As Estações do João
- Alberto Carvalho - Narrador

- 27 de jul.
- 2 min de leitura
A Última Noite no Café do Fim
Diziam que o Café do Fim só abria à noite.
E mesmo assim, só em certas noites.
Ninguém sabia bem onde ficava — apenas que não ficava sempre no mesmo lugar.
Às vezes era numa rua de Lisboa, junto a uma livraria fechada.
Outras, num beco do Porto, entre dois candeeiros apagados.
E havia quem jurasse tê-lo encontrado numa aldeia onde nunca tinha estado antes.
Mas todos diziam o mesmo:— Entras e parece que te conhecem.
— Como assim?— Como se já tivesses estado lá.
Mesmo que seja a primeira vez.
João tinha vinte e dois anos e estava cansado de tudo.
Da faculdade, da cidade, das conversas rápidas, das pessoas que o ouviam com um olho no telemóvel.
E nessa noite, saiu de casa sem destino, como quem sai à procura de alguma coisa — mesmo sem saber o quê.
Foi então que viu a luz.
Fraca.
Quente.
Vinha de uma porta estreita, entre dois prédios abandonados.
No vidro, uma inscrição a giz: CAFÉ DO FIM Aberto só quando é preciso.
Entrou.
O sino da porta não tocou.
Mas alguém levantou os olhos.
Era uma mulher com cabelo grisalho e voz doce.— Boa noite, João.

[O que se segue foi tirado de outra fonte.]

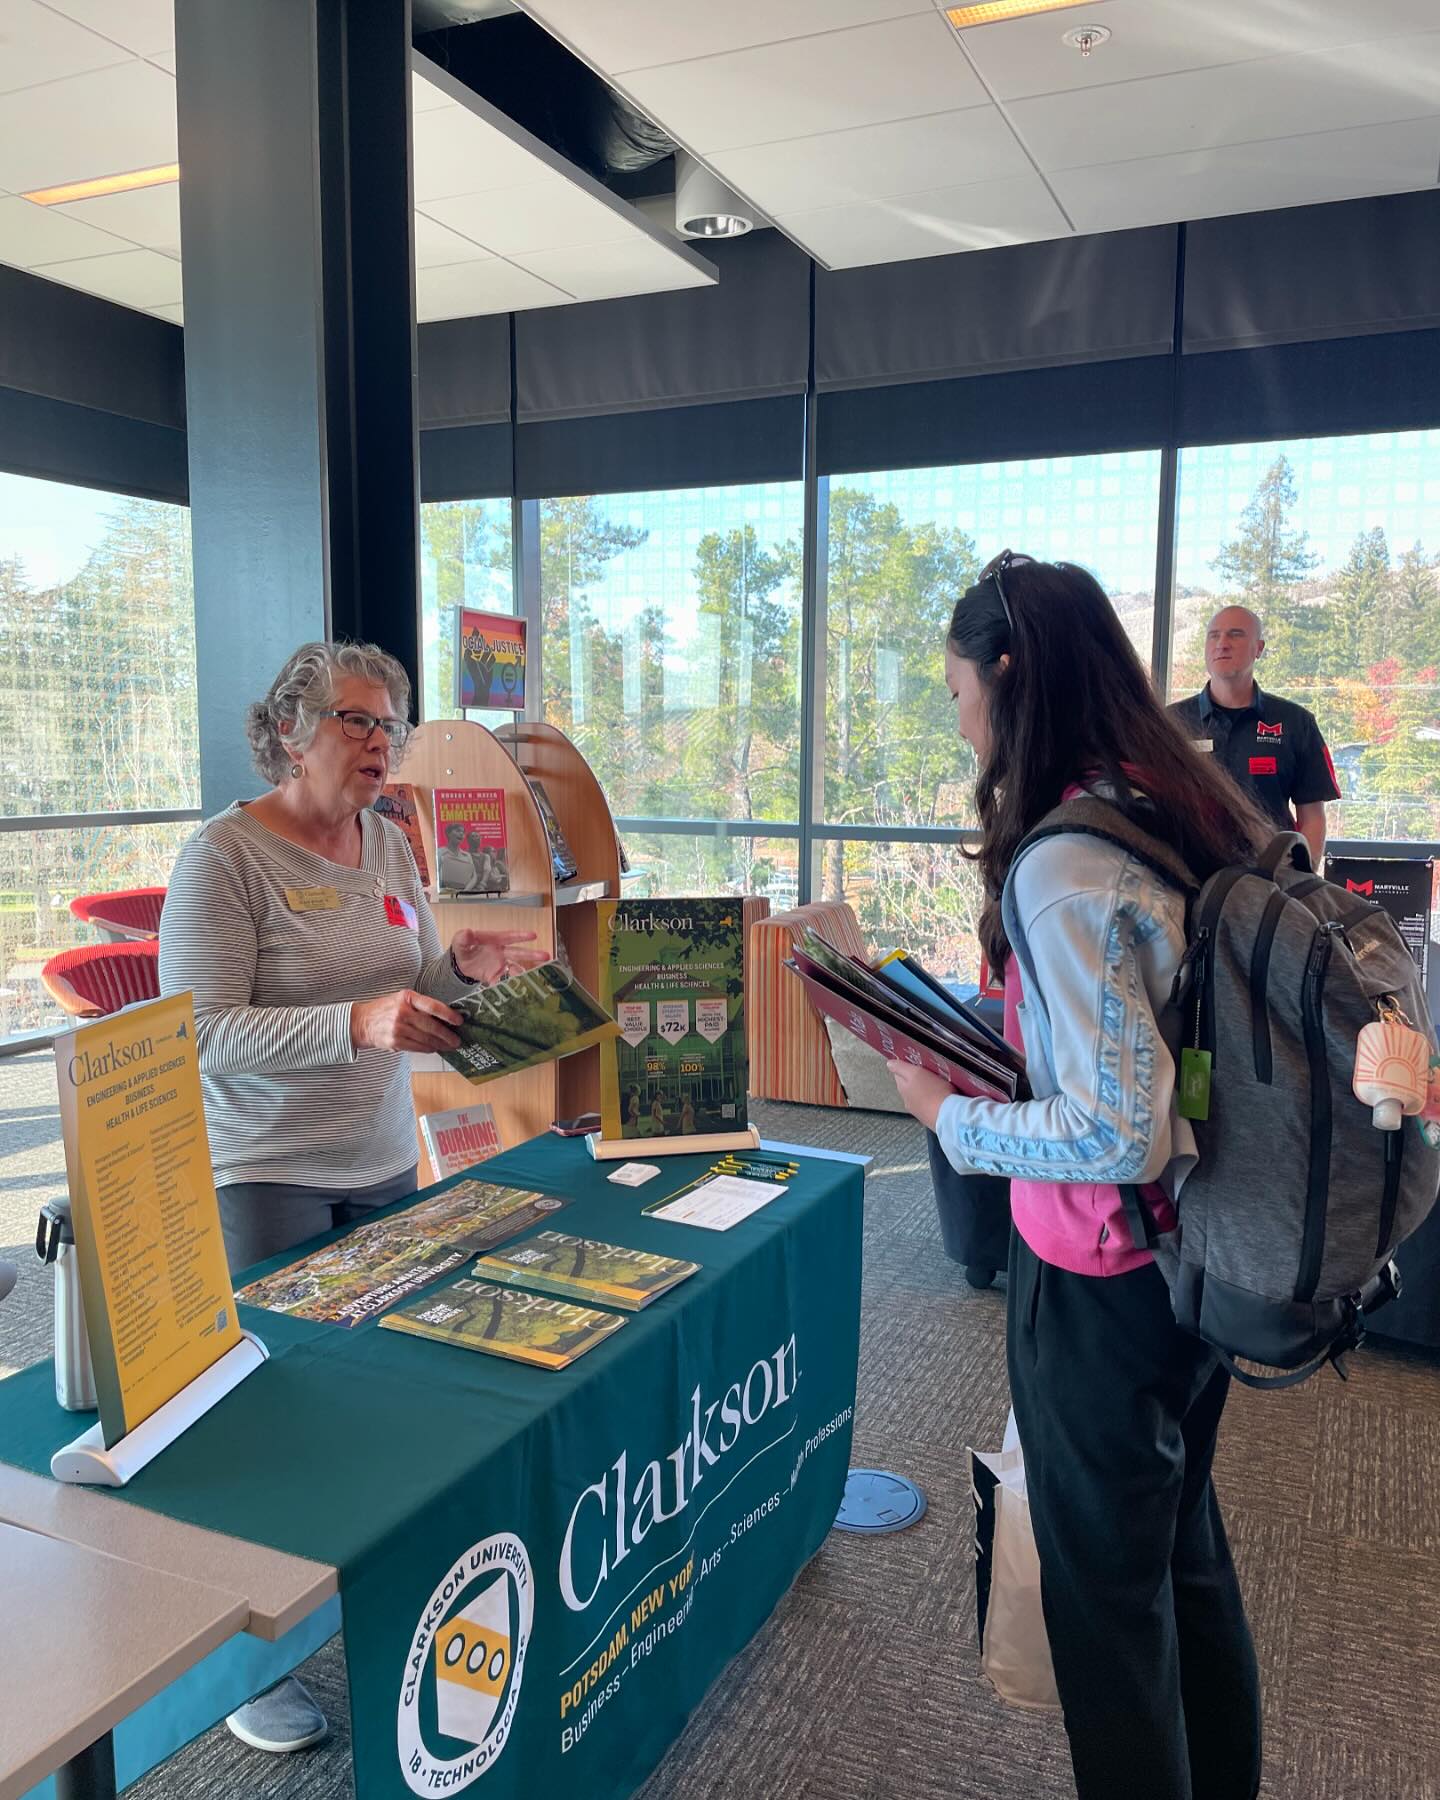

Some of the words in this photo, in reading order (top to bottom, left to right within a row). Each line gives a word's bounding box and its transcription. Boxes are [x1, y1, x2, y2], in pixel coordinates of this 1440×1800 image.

Chegaste.
Ele não perguntou como ela sabia o nome.
Nem por que parecia que já a conhecia.
Sentou-se.
Pediu um café.
Ela serviu-lhe chá.
— Aqui servimos o que falta — disse ela. — E hoje o que lhe falta é tempo.

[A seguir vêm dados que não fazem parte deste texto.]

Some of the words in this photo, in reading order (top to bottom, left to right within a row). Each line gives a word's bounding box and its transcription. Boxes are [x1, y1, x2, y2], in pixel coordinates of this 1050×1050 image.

Na mesa ao lado, um rapaz lia um livro que João não conseguia ver bem.
Noutra mesa, uma senhora escrevia postais a ninguém.
E junto à janela, uma criança dormia com um urso na mão, como se aquele lugar fosse casa.
Havia silêncio.
Mas não o silêncio pesado das esperas.
Era um silêncio que abraçava.
Que deixava respirar.
— As pessoas vêm cá antes das decisões — disse a mulher.
— Antes dos fins e dos começos.
— E se não souber que decisão tomar? — perguntou João.
Ela sorriu.
— Então ouça o que não disse ainda.
E beba devagar.
O chá sabia a infância.
A verões longos.
A alguém que partiu e deixou um bilhete escondido num livro.
João olhou à volta e sentiu vontade de escrever.
Não um texto para um exame, nem um post de Instagram.
Mas uma carta.
A alguém.
Talvez a si mesmo.
Escreveu.
Escreveu até a chávena ficar vazia.
Escreveu o que nunca tinha dito.
O medo de falhar.
A vontade de desistir.
O amor que não soube mostrar.
O abraço que nunca deu ao avô.
O que nunca disse à irmã.
O que ainda quer fazer antes de esquecer quem é.
Quando acabou, a mulher voltou à mesa.— Já escreveu?
Ele acenou que sim.— Então pode ir.
Levantou-se.
Olhou para trás.
Quis perguntar se podia voltar.
Mas ela respondeu antes de ele abrir a boca:— O Café do Fim só aparece a quem já está a caminho.
Saiu.
E nesse instante, o prédio onde estava desapareceu.
O beco estava vazio.
Mas no bolso, havia um papel dobrado com a letra dele.
A carta que escreveu e que, sem saber, precisava de ser lida.
AC




Gostei muito do que escreveu, como diz e pergunta um pouco de mim também está aí.